[Images for object localization]
+++++
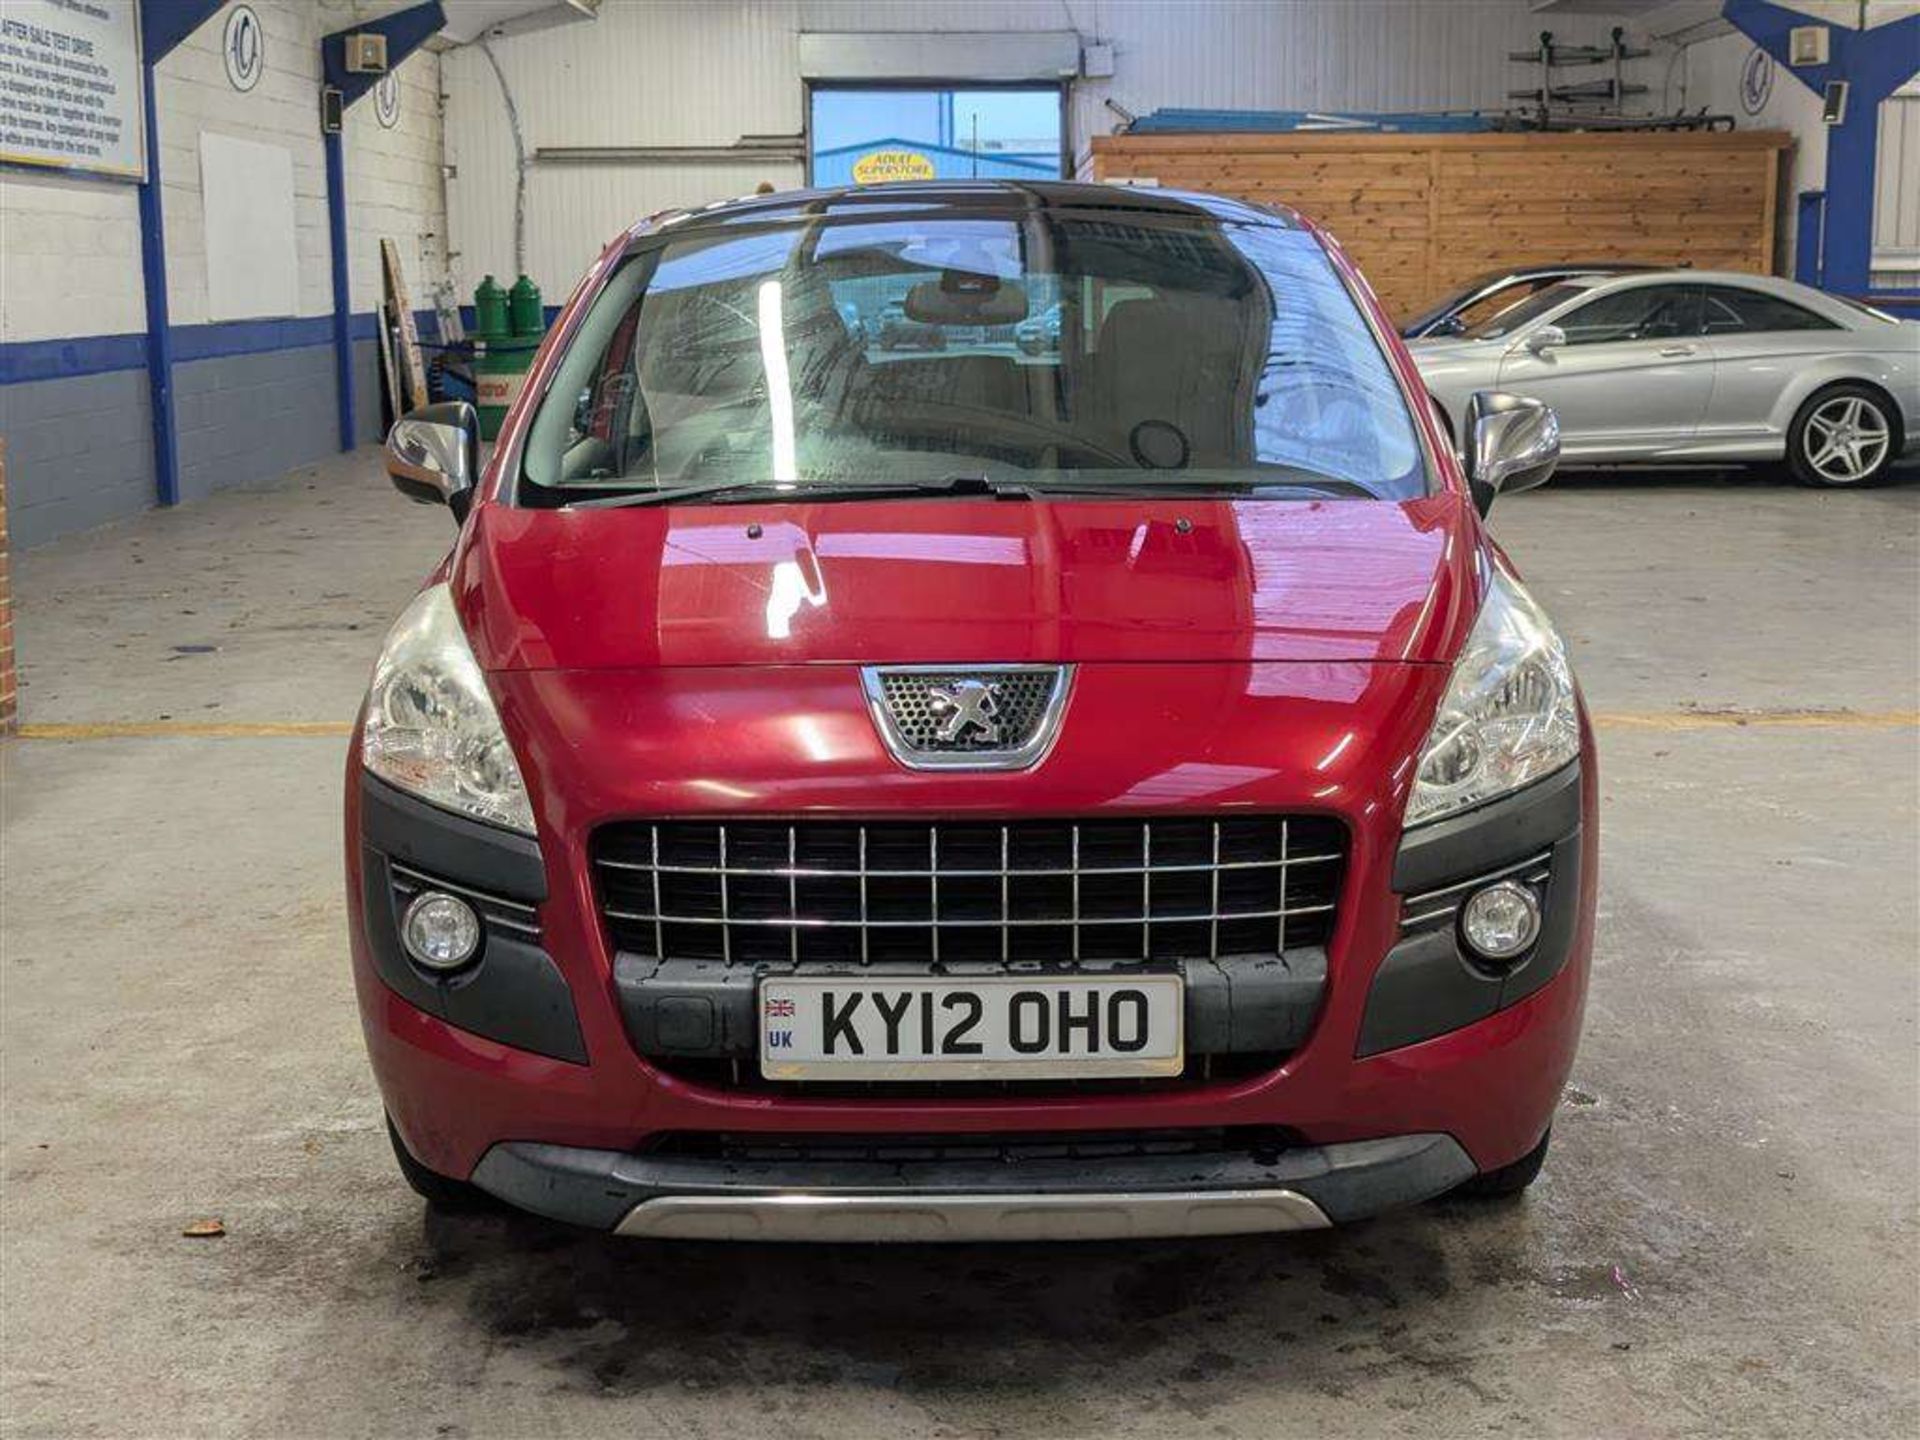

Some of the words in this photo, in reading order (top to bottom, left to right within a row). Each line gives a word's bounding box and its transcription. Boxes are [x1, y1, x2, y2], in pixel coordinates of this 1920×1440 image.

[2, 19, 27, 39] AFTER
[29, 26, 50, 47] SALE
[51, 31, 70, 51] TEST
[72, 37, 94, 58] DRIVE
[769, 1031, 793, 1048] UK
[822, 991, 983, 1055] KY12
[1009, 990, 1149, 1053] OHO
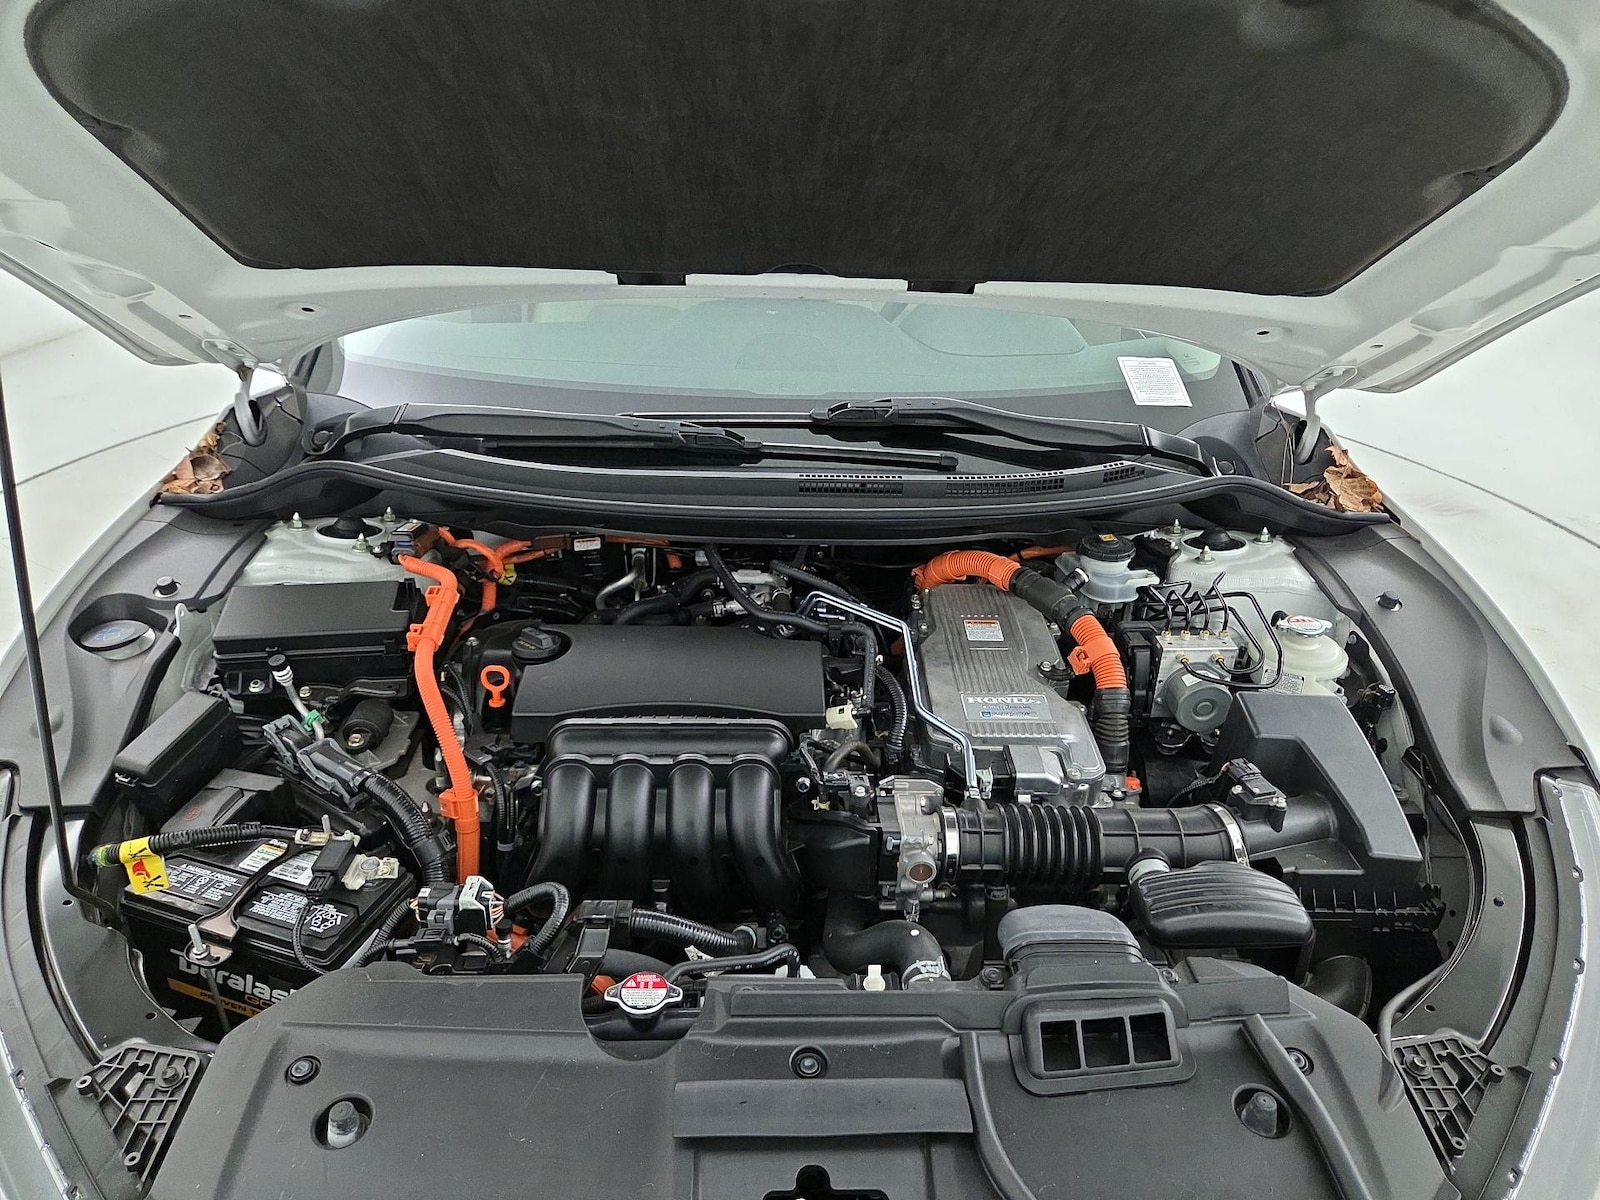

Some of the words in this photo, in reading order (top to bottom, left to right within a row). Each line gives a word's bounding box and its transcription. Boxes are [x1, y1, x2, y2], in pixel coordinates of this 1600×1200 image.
+++++
Exactly as they appear above, print all the lines, but not the pictures.

▸ Answer to this exercise:
Some of the words in this photo, in reading order (top to bottom, left to right within a row). Each line gives a word's bounding box and its transcription. Boxes are [x1, y1, x2, y2], in pixel coordinates of this 1920×1440 image.

[2, 19, 27, 39] AFTER
[29, 26, 50, 47] SALE
[51, 31, 70, 51] TEST
[72, 37, 94, 58] DRIVE
[769, 1031, 793, 1048] UK
[822, 991, 983, 1055] KY12
[1009, 990, 1149, 1053] OHO

Some of the words in this photo, in reading order (top to bottom, left to right within a row). Each line gives a word's bounding box and its transcription. Boxes are [x1, y1, x2, y2], in pixel coordinates of this 1600×1200 image.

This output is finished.